Dua Peluang Kekayaan Intelektual Indonesia di Era Kompetisi Global
Seminar Internasional Peradi:

Dua Peluang Kekayaan Intelektual Indonesia di Era Kompetisi Global

Salah satu aspek hukum yang menarik diperhatikan dalam perkembangan bisnis internasional adalah kekayaan intelektual. Indonesia harus memanfaatkan produk yang khas.

Oleh:
Muhammad Yasin
Bacaan 2 Menit
Prof. OK Saidin menyampaikan paparan pada seminar internasional DPN Peradi-USU di Medan, Senin (23/4). Foto: MYS
Prof. OK Saidin menyampaikan paparan pada seminar internasional DPN Peradi-USU di Medan, Senin (23/4). Foto: MYS

Globalisasi di hampir semua bidang tak bisa dihindari. Di era disruptif seperti sekarang, perubahan begitu cepat terjadi melintasi batas-batas negara. Lalu lintas perdagangan barang, misalnya, kini banyak mengandalkan transaksi elektronik. Potensi pelanggaran kekayaan intelektual tetap ada dan bahkan bisa menjadi lebih besar. Itu sebabnya, menghadapi globalisasi yang mempengaruhi dunia hukum, Indonesia harus mengandalkan peluang khas yang dimiliki. UU No. 20 Tahun 2016 tentang Merek dan Indikasi Geografis sudah mendorong antisipasi perkembangan global.
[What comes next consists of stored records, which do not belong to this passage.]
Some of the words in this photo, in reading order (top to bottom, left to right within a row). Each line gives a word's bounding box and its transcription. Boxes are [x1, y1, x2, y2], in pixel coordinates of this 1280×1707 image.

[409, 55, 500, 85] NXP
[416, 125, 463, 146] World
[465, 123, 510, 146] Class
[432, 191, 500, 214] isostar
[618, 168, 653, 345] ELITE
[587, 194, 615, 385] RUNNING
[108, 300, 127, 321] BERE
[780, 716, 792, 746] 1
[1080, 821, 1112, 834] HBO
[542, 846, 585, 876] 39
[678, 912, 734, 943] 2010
Indikasi geografis salah satunya. Indikasi geografis adalah suatu tanda yang menunjukkan daerah asal suatu barang dan/atau produk yang karena faktor lingkungan geografis termasuk faktor alam, manusia, atau kombinasinya memberikan reputasi, kualitas, dan karakteristik tertentu pada barang dan/atau produk yang dihasilkan. Tengok saja sekarang begitu banyak jenis kopi khas menggunakan nama daerah geografis tertentu, seperti kopi Gayo, kopi Toraja, kopi Mandheling, kopi Kintamani, kopi Empat Lawang, dan kopi robusta Tambora.
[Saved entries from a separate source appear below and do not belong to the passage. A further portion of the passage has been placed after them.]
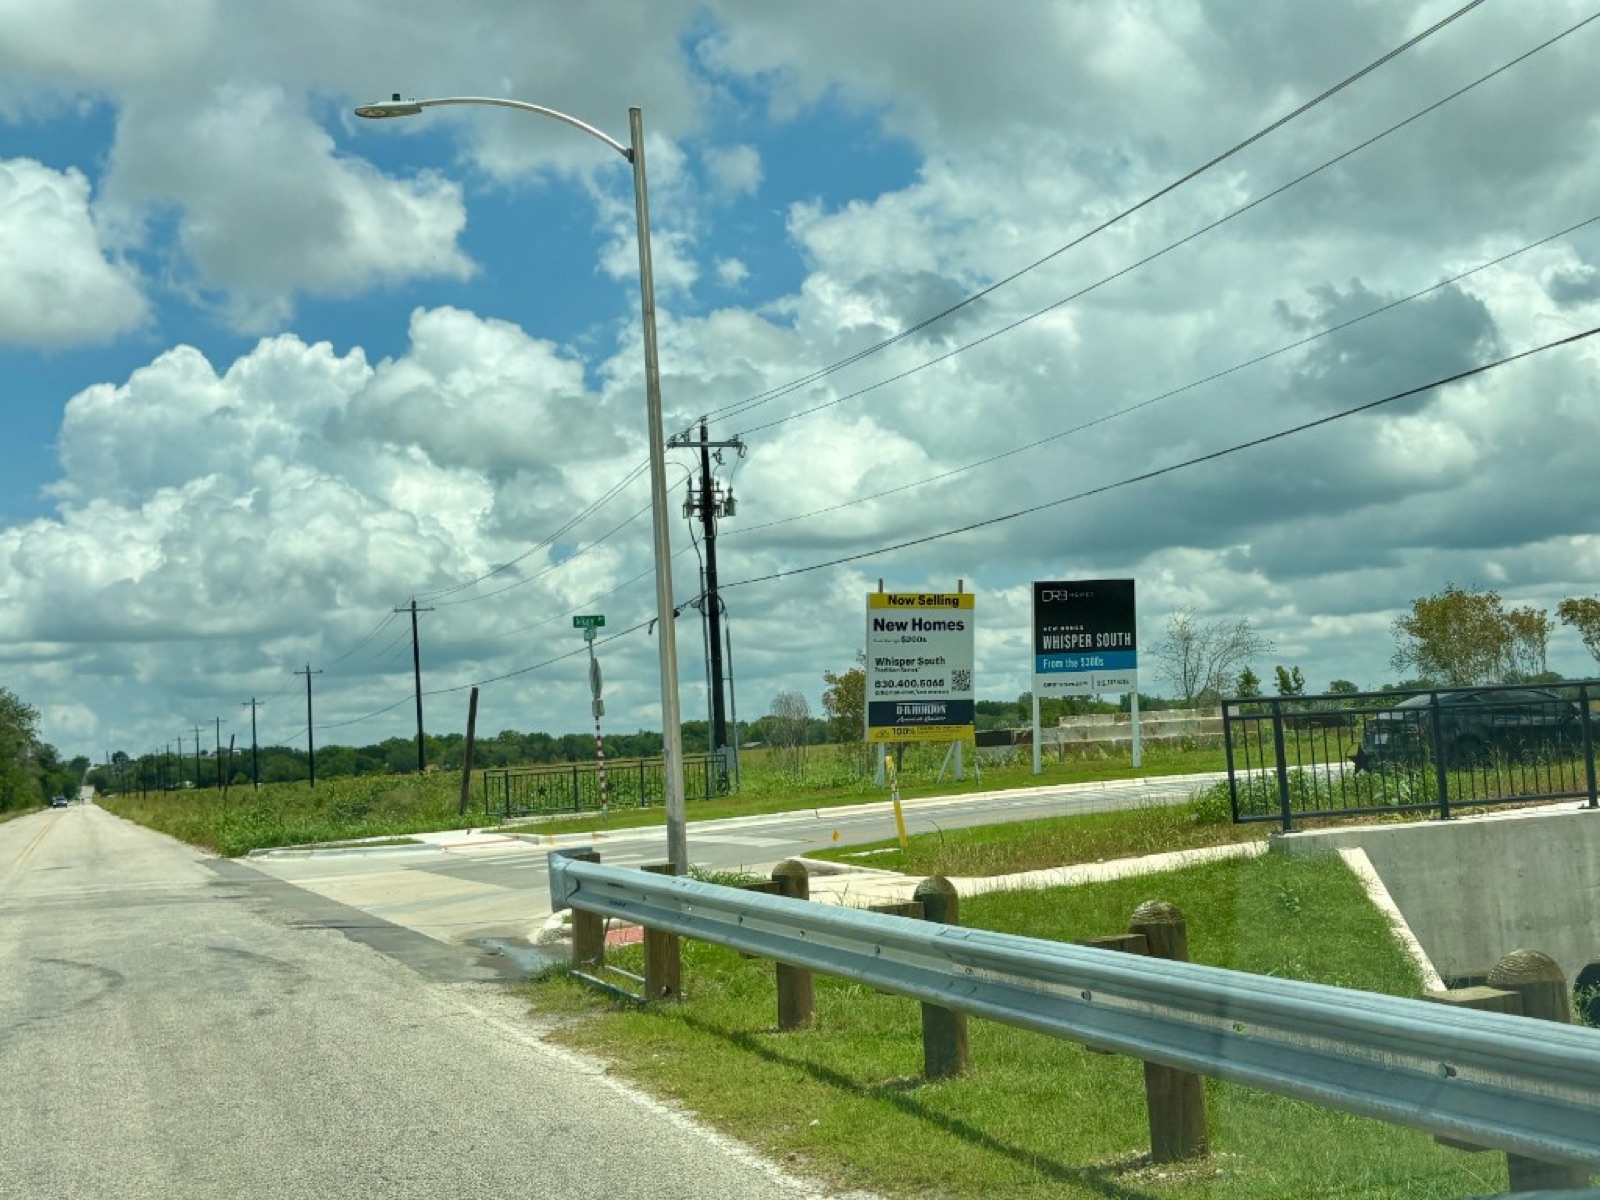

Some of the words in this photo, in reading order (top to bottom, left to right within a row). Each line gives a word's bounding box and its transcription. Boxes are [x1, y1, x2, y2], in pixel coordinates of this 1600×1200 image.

[888, 594, 915, 606] Now
[918, 594, 960, 609] Selling
[873, 618, 908, 632] New
[912, 616, 965, 631] Homes
[1042, 633, 1093, 650] WHISPER
[1096, 632, 1132, 648] SOUTH
[874, 655, 916, 667] Whisper
[917, 655, 946, 665] South
[1043, 658, 1064, 669] From
[1065, 657, 1079, 668] the
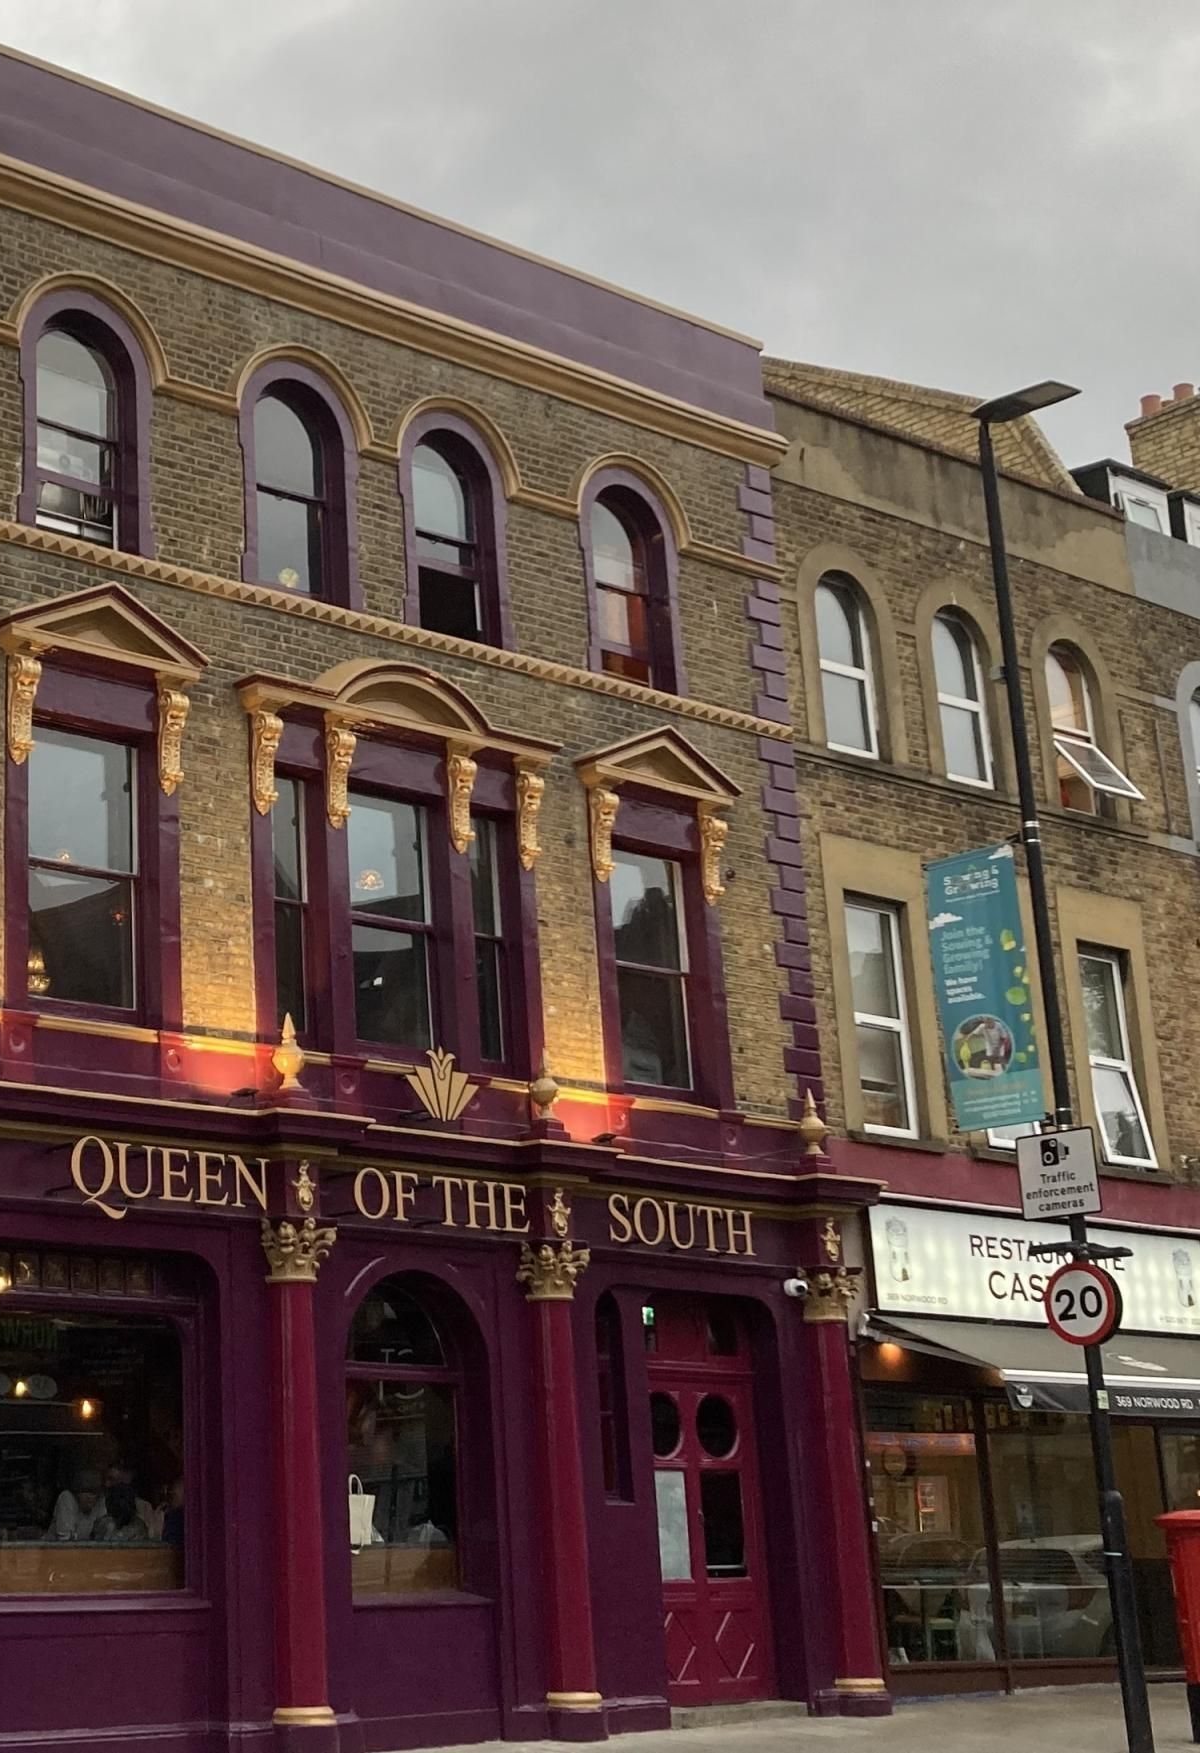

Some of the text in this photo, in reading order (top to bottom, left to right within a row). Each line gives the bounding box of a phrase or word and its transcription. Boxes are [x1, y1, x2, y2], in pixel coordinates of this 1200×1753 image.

[944, 877, 999, 896] Growing
[1040, 1170, 1076, 1183] Traffic
[71, 1135, 755, 1257] QUEEN OF THE SOUTH
[1025, 1181, 1095, 1201] enforcement
[1038, 1198, 1085, 1213] cameras
[1055, 1285, 1104, 1322] 20
[1115, 1395, 1133, 1408] 369
[1133, 1397, 1180, 1409] NORWOOD
[1180, 1399, 1194, 1410] RD
Direktorat Jenderal Kekayaan Intelektual Kementerian Hukum dan HAM telah menetapkan tahun 2018 sebagai tahun indikasi geografis. Dirjen Kekayaan Intelektual Freddy Haris punya target ambisius pendaftaran  seribu indikasi geografis dalam rentang waktu hingga empat tahun mendatang. Target ini terbilang ambisis karena hingga tahun 2018 saja  indikasi geografis terdaftar belum sampai 100.

(Baca juga: Dirjen KI Targetkan 1000 Pendaftaran Indikasi Geografis dalam Negeri, Peluang Baru Konsultan HKI?).

Indonesia sebenarnya terbilang sebagai negara yang memiliki kekayaan intelektual berlimpah dalam bentuk indikasi geografis. Inilah keunggulan Indonesia yang bisa menjadi komoditas unggulan dalam perdagangan internasional. Negara perlu hadir untuk mengurus indikasi geografis sekaligus mendorong masyarakat untuk meningkatkan perhatian dan pemahaman.  Indikasi geografis itu harus terdata dengan baik sesuai Trade Related Aspect of Intellectual Property Rights (TRIPs). Indonesia telah mengesahkan TRIPs melalui UU No. 7 Tahun 1994. “Negara harus hadir untuk mengurusnya,” kata Freddy dalam konperensi pers, 21 Maret lalu.

Guru Besar Fakultas Hukum Universitas Sumatera Utara, OK Saidin, juga melihat peluang untuk memanfaatkan indikasi geografis sebagai ‘opportunity in global competition’. Mau tidak mau, Pemerintah harus menaruh perhatian lebih jika ingin mampu bersaing di dunia internasional dengan mengandalkan produk-produk khas yang tak dimiliki negara lain. “Penguatan harus dilakukan dengan mengantisipasi dan menggunakan potensi kekayaan intelektual yang dimiliki Indonesia,” tegasnya.

Berbicara di depan ratusan peserta seminar DPN Peradi dengan Fakultas Hukum Universitas Sumatera Utara di Medan, Senin (23/4), OK Saidin mengatakan indikasi geografis merupakan salah satu peluang bagi Indonesia yang harus dimanfaatkan di tengah persaingan bisnis internasional.